▶ [To do]: Only the pictures are to be left out; write out the rest of the data exactly.

▶ [Image-backed grounding data]:

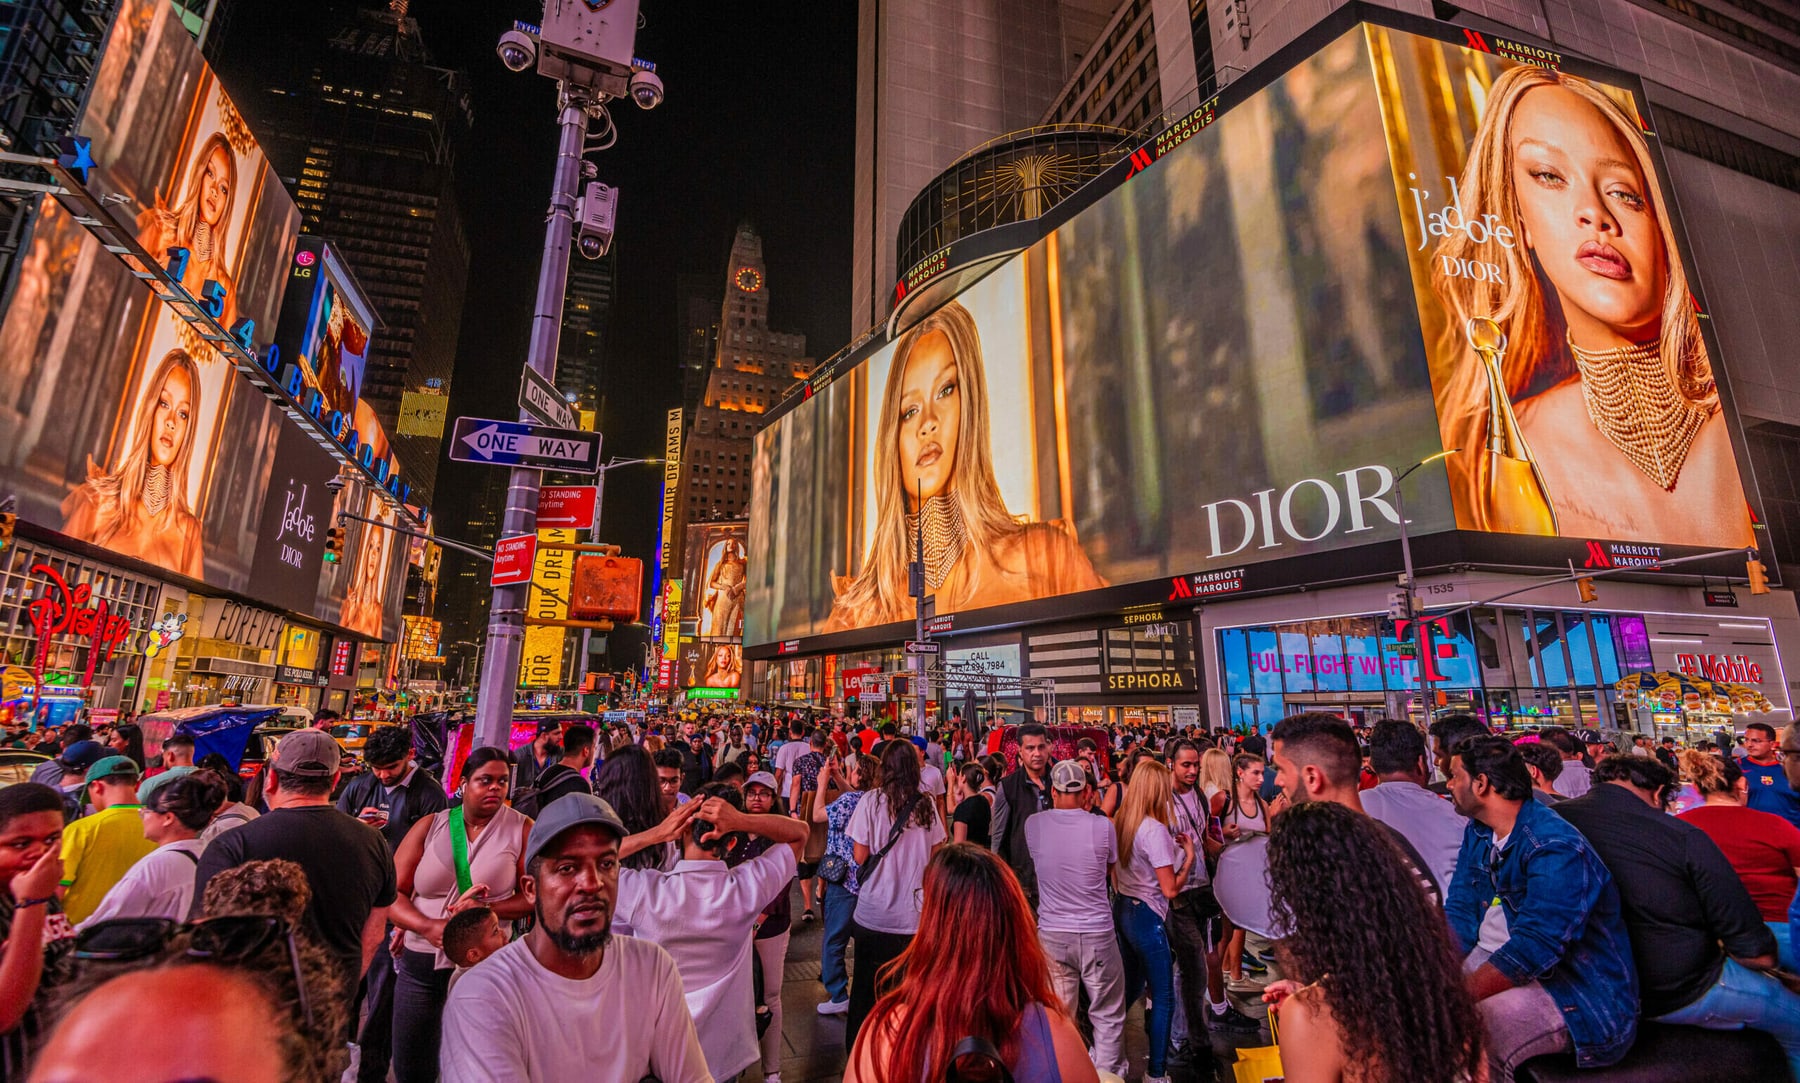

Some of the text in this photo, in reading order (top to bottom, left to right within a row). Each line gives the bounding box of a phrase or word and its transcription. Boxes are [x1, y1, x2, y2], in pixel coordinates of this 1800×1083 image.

[1496, 38, 1561, 63] MARRIOTT
[1157, 96, 1219, 146] MARRIOTT
[1158, 113, 1213, 157] MARQUIS
[1408, 172, 1516, 252] j'adore
[294, 267, 311, 278] LG
[908, 247, 951, 280] MARRIOTT
[909, 260, 945, 291] MARQUIS
[1440, 255, 1505, 285] DIOR
[531, 385, 573, 430] ONE WAY
[477, 432, 581, 458] ONE WAY
[667, 426, 680, 481] DREAMS
[539, 501, 564, 509] nytime
[548, 490, 581, 499] STANDING
[1201, 465, 1412, 558] DIOR
[280, 544, 303, 569] DIOR
[496, 554, 515, 564] Anytime
[497, 541, 527, 553] NO STANDING
[1611, 544, 1661, 557] MARRIOTT
[1194, 569, 1245, 584] MARRIOTT
[1195, 580, 1240, 594] MARQUIS
[1427, 583, 1454, 595] 1535
[537, 588, 559, 630] OUR
[1123, 611, 1163, 624] SEPHORA
[214, 600, 288, 651] FOREVER
[970, 651, 990, 661] CALL
[1294, 653, 1355, 675] FLIGHT
[1109, 673, 1183, 689] SEPHORA

▶ [Exercise solution]:
Some of the text in this photo, in reading order (top to bottom, left to right within a row). Each line gives the bounding box of a phrase or word and its transcription. Boxes are [x1, y1, x2, y2], in pixel coordinates of this 1800×1083 image.

[1496, 38, 1561, 63] MARRIOTT
[1157, 96, 1219, 146] MARRIOTT
[1158, 113, 1213, 157] MARQUIS
[1408, 172, 1516, 252] j'adore
[294, 267, 311, 278] LG
[908, 247, 951, 280] MARRIOTT
[909, 260, 945, 291] MARQUIS
[1440, 255, 1505, 285] DIOR
[531, 385, 573, 430] ONE WAY
[477, 432, 581, 458] ONE WAY
[667, 426, 680, 481] DREAMS
[539, 501, 564, 509] nytime
[548, 490, 581, 499] STANDING
[1201, 465, 1412, 558] DIOR
[280, 544, 303, 569] DIOR
[496, 554, 515, 564] Anytime
[497, 541, 527, 553] NO STANDING
[1611, 544, 1661, 557] MARRIOTT
[1194, 569, 1245, 584] MARRIOTT
[1195, 580, 1240, 594] MARQUIS
[1427, 583, 1454, 595] 1535
[537, 588, 559, 630] OUR
[1123, 611, 1163, 624] SEPHORA
[214, 600, 288, 651] FOREVER
[970, 651, 990, 661] CALL
[1294, 653, 1355, 675] FLIGHT
[1109, 673, 1183, 689] SEPHORA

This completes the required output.